Work to be completed » Set down all of the records exactly, leaving none out.

(Collection entries)
*** Block opens ***
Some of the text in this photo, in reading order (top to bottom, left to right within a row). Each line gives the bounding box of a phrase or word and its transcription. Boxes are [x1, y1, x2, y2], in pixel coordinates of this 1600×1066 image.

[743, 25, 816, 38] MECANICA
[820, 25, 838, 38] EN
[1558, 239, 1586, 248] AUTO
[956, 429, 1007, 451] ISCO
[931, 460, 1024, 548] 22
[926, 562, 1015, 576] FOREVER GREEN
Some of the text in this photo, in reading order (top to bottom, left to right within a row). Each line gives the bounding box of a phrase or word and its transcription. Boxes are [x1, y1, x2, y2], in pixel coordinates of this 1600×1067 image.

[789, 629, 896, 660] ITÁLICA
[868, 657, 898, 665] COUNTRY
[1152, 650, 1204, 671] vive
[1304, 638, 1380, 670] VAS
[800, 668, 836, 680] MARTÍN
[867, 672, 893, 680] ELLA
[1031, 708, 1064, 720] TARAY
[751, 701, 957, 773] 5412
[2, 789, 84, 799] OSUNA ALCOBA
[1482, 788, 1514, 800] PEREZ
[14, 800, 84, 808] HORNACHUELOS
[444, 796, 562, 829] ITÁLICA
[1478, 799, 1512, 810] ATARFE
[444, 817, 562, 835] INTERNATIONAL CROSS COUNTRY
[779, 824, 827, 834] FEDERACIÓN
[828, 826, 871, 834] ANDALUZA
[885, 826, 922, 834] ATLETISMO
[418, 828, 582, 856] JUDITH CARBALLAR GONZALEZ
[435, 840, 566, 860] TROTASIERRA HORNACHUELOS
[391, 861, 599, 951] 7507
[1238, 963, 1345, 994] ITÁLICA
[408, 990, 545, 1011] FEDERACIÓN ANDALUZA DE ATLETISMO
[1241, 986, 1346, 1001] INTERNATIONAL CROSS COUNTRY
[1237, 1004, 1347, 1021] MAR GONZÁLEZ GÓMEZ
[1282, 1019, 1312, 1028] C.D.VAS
*** Block closes ***
Written reply »
Some of the text in this photo, in reading order (top to bottom, left to right within a row). Each line gives the bounding box of a phrase or word and its transcription. Boxes are [x1, y1, x2, y2], in pixel coordinates of this 1600×1066 image.

[743, 25, 816, 38] MECANICA
[820, 25, 838, 38] EN
[1558, 239, 1586, 248] AUTO
[956, 429, 1007, 451] ISCO
[931, 460, 1024, 548] 22
[926, 562, 1015, 576] FOREVER GREEN
Some of the text in this photo, in reading order (top to bottom, left to right within a row). Each line gives the bounding box of a phrase or word and its transcription. Boxes are [x1, y1, x2, y2], in pixel coordinates of this 1600×1067 image.

[789, 629, 896, 660] ITÁLICA
[868, 657, 898, 665] COUNTRY
[1152, 650, 1204, 671] vive
[1304, 638, 1380, 670] VAS
[800, 668, 836, 680] MARTÍN
[867, 672, 893, 680] ELLA
[1031, 708, 1064, 720] TARAY
[751, 701, 957, 773] 5412
[2, 789, 84, 799] OSUNA ALCOBA
[1482, 788, 1514, 800] PEREZ
[14, 800, 84, 808] HORNACHUELOS
[444, 796, 562, 829] ITÁLICA
[1478, 799, 1512, 810] ATARFE
[444, 817, 562, 835] INTERNATIONAL CROSS COUNTRY
[779, 824, 827, 834] FEDERACIÓN
[828, 826, 871, 834] ANDALUZA
[885, 826, 922, 834] ATLETISMO
[418, 828, 582, 856] JUDITH CARBALLAR GONZALEZ
[435, 840, 566, 860] TROTASIERRA HORNACHUELOS
[391, 861, 599, 951] 7507
[1238, 963, 1345, 994] ITÁLICA
[408, 990, 545, 1011] FEDERACIÓN ANDALUZA DE ATLETISMO
[1241, 986, 1346, 1001] INTERNATIONAL CROSS COUNTRY
[1237, 1004, 1347, 1021] MAR GONZÁLEZ GÓMEZ
[1282, 1019, 1312, 1028] C.D.VAS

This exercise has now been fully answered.